The material benefits were that they provided for comfort measures like a special mattress, a gerichair, and compression booties, and of course pain meds (not a ton for him but some.)

Some of the most helpful things for our family: they would stop in periodically to ascertain his pain level. The ladies knew what signs to look for (things we would not have known to pay attention to.)

The chaplain was a huge help to us too. She stopped by and said a prayer for him a couple times and was also really understanding.

And they could tell us what to expect with his decline -- what certain signs meant and what might happen next. For our family, we knew where things were heading and that they were heading there fast, and we wanted to make sure he was not in distress. Once we signed onto it, the nursing home staff were much more open with us. And actually it was the NH nurses who were there at the end and who pointed out the physical signs that he was leaving us.

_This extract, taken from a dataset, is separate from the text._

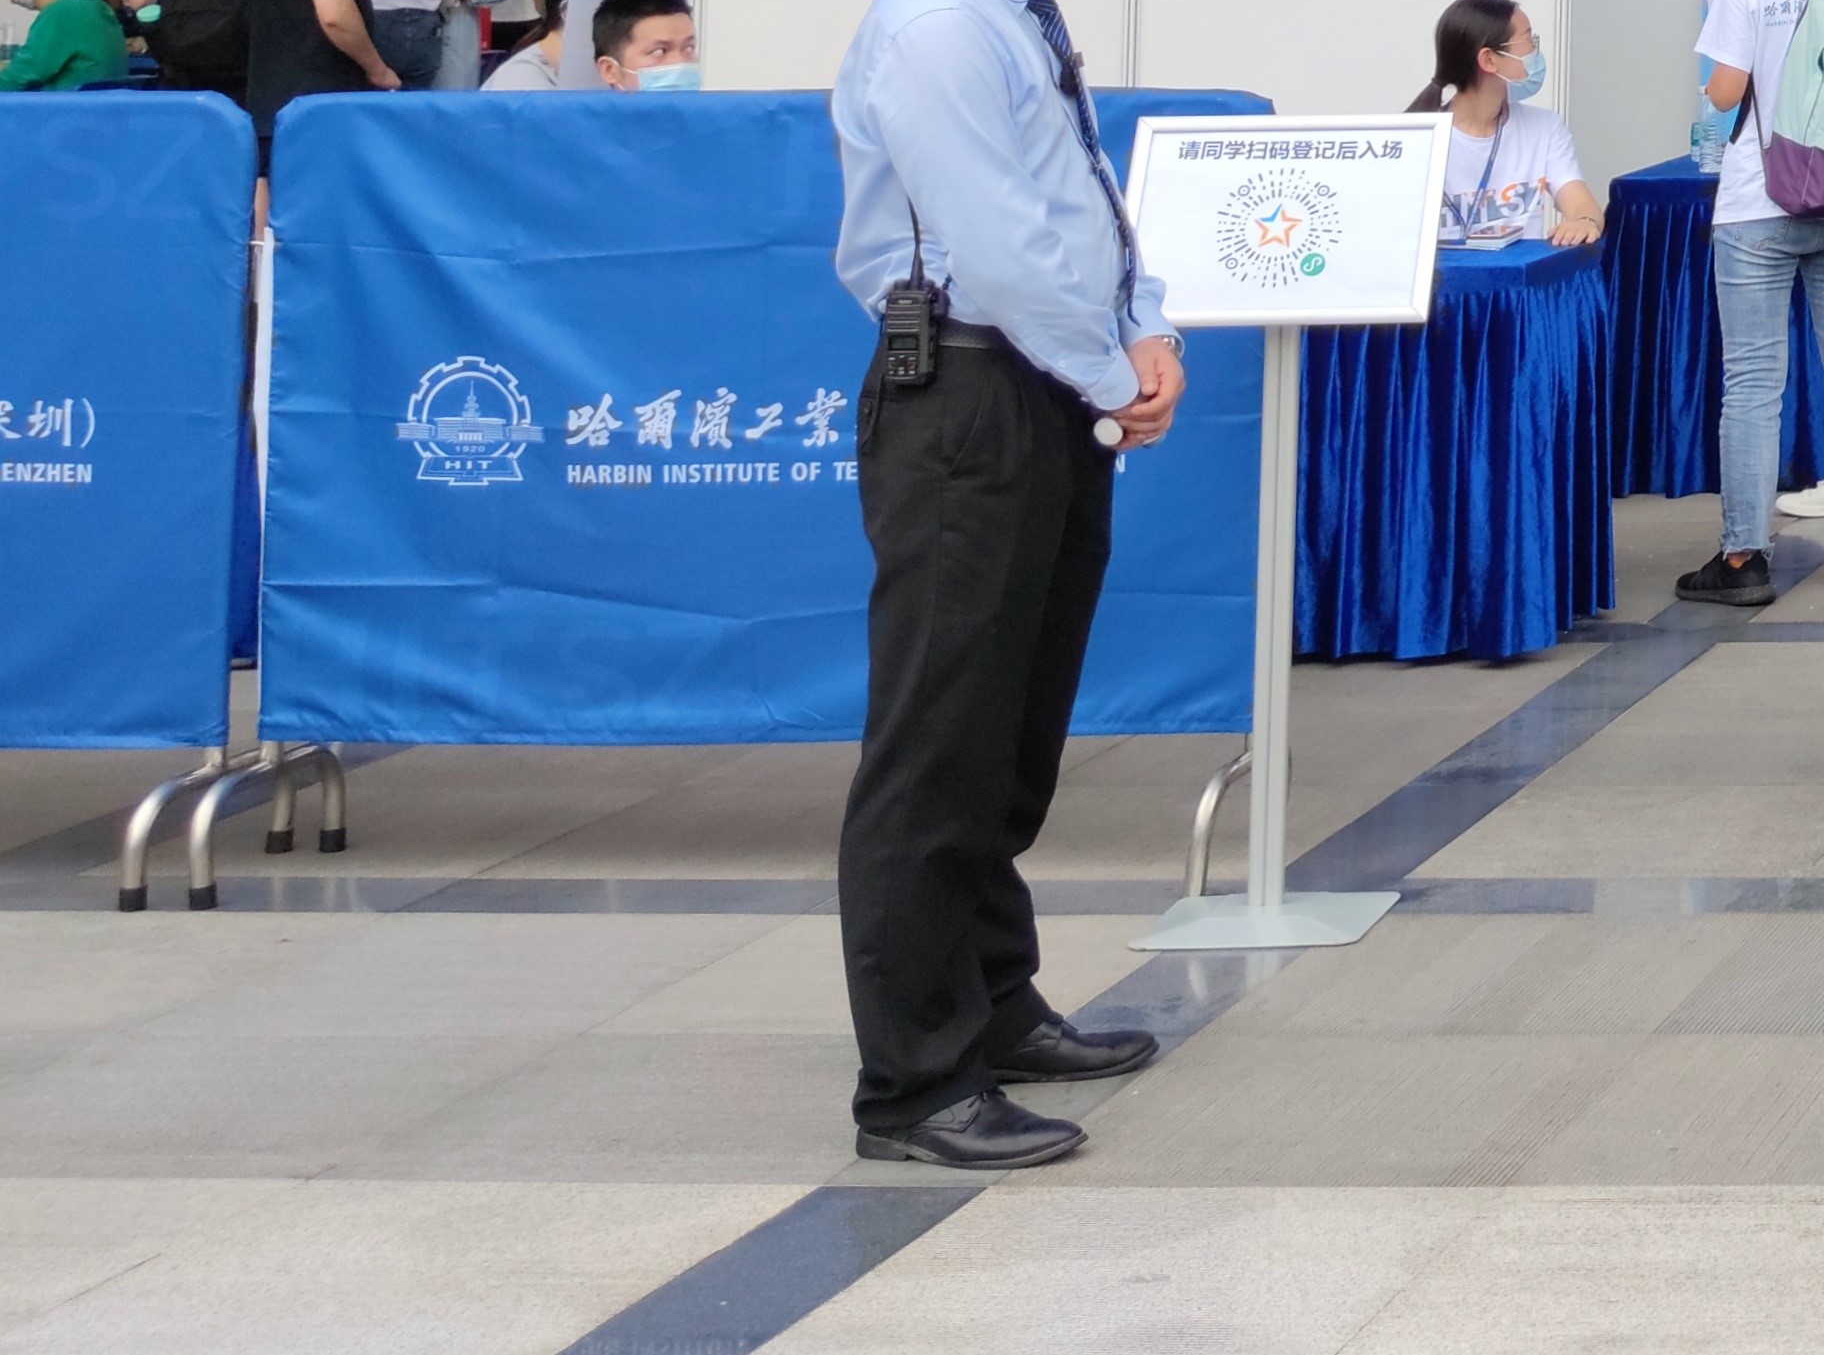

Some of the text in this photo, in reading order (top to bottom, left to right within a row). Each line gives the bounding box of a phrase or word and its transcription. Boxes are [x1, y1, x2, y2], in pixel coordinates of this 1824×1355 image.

Then when grandpa passed, the nurse at the NH called hospice. They came and filled out his paperwork and contacted the place to come pick up his self (I have a hard time talking about this part, I'm sorry!) and transport it to the next place for them to handle that part of it.

To me the benefits were the streamlining of his comfort (and having someone to call as things changed) , and communication about what to expect/look for, but that was something our family was really anxious about. I think in your position I might have a hard time signing onto it too since so much of the process is just communication. I hope someone else can offer guidance about in-home hospice care.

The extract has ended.